Explain the word “Significance” in statistics.

Significance indicates whether the result is likely due to true differences rather than random chance. Statistical significance is typically determined using hypothesis testing and is expressed through p-values.

statistically significant does not! necessary mean that the observation is “Important”

significant * (p < 0.05)
highly significant ** (p < 0.01)
extremely significant *** (p < 0.001)

Remember 1): Something can be extremely significant but still totally unimportant!!
Remember 2): Don’t sort by p-values and don’t trust papers which do so!!
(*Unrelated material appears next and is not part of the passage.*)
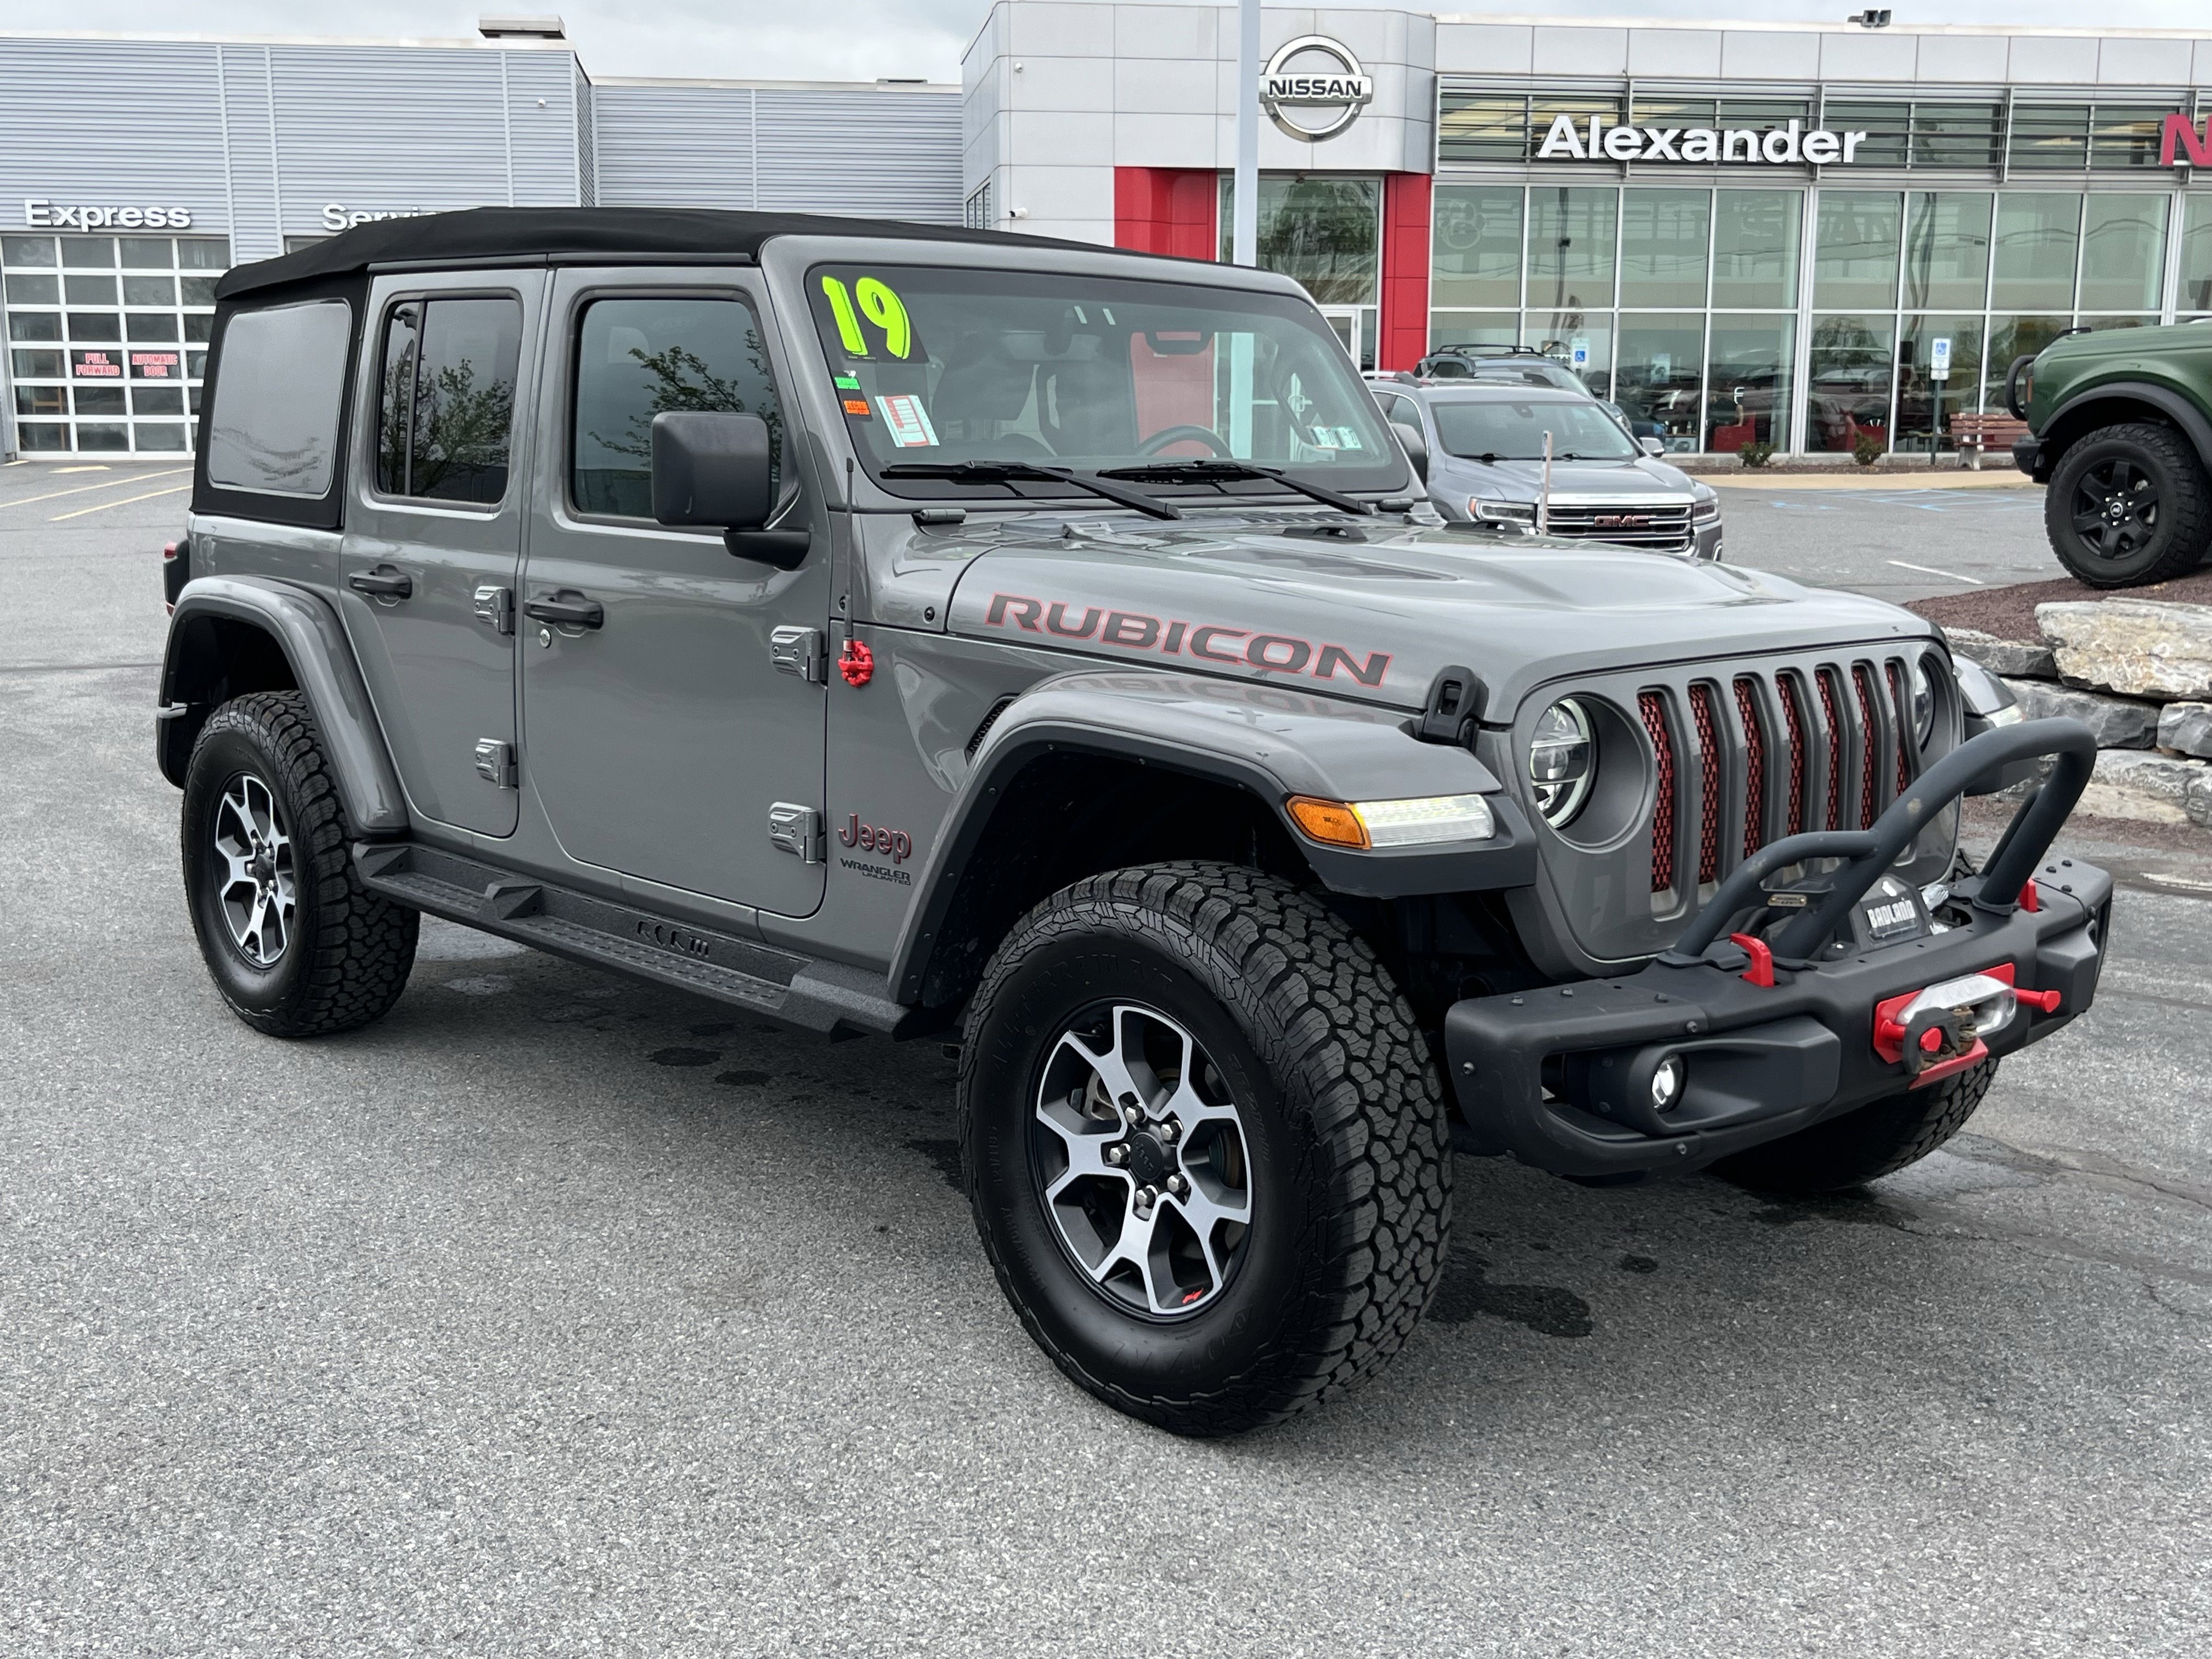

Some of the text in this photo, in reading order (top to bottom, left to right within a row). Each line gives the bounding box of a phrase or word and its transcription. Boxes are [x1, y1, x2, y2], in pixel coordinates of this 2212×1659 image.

How do I know if my data is normal or non-normal?
And what does normal mean?

Normal data means gaussian distribution.

o assess whether your data follows a normal distribution (also known as a Gaussian distribution or bell curve), you can use graphical methods and statistical tests.

Graphical methods:
One way to evaluate the distribution of your data is by visualizing it using a histogram, a density plot, or a Q-Q plot. In a histogram or density plot, a roughly symmetrical and bell-shaped distribution suggests normality. In a Q-Q plot, if the data points closely follow a straight line, it indicates a normal distribution.

2.Statistical tests:
There are several statistical tests available to assess the normality of data, such as the Shapiro-Wilk test, Anderson-Darling test, or Kolmogorov-Smirnov test. These tests provide a p-value, and if the p-value is greater than a chosen significance level (e.g., 0.05), the data can be considered approximately normal.

normal data –> t.test
non-normal data, skewed or multi-modal
distributions –> wilcox.test

Th Shapiro Wil test to assume normality.

The Shapiro-Wilk test is a statistical test used to assess whether data follows a normal distribution. It calculates a test statistic based on the correlation between the observed data and the expected values under the assumption of normality. The test statistic is compared to critical values to determine the p-value, which indicates whether the data is significantly non-normal.

p-value >0,05 (normal)
p-value < 0,05 (non-normal)

BUT be careful, with many samples (over 100) Shapiro will test is easy significant. Its better to use as well visual inspection, histogram, qqplot

What is a T-Distribution?

The t-distribution is a probability distribution used when working with small sample sizes or unknown population standard deviations. It is similar to the normal distribution but has slightly heavier tails. It is commonly used for hypothesis testing and constructing confidence intervals.

Derives from the normal distribution.
It is the difference between the sample mean and the
population mean, divided by the SEM.

What is a t-value?

A t-value is a measure that quantifies the difference between a sample mean and a hypothesized population mean, accounting for data variability. It is used in hypothesis testing and confidence interval calculations when the population standard deviation is unknown or for small sample sizes.

the t-value and the t-distribution are connected in hypothesis testing and confidence interval calculations. The t-value is compared to critical values from the t-distribution to determine statistical significance, and the t-distribution is used to calculate p-values associated with the t-value.

What is Cohens d?

Cohen's d is a measure of effect size that quantifies the difference between two means in terms of the standard deviation. It provides a standardized measure of the magnitude of the difference and is commonly used in statistical analysis to assess the practical significance of an effect. d = 0,2 - 0,5 small effect d = 0,5 - 0,8 medium effect d = >0,8 large effect d = 0,5 means the difference between groups is half of a standard deviation

What is paired and matched Data?

Paired data refers to observations or measurements collected on the same subjects or entities at different times or conditions. Matched data refers to observations or measurements collected from different groups, with individuals specifically paired based on certain characteristics. Both types allow for more precise comparisons by accounting for dependencies or controlling for confounding variables.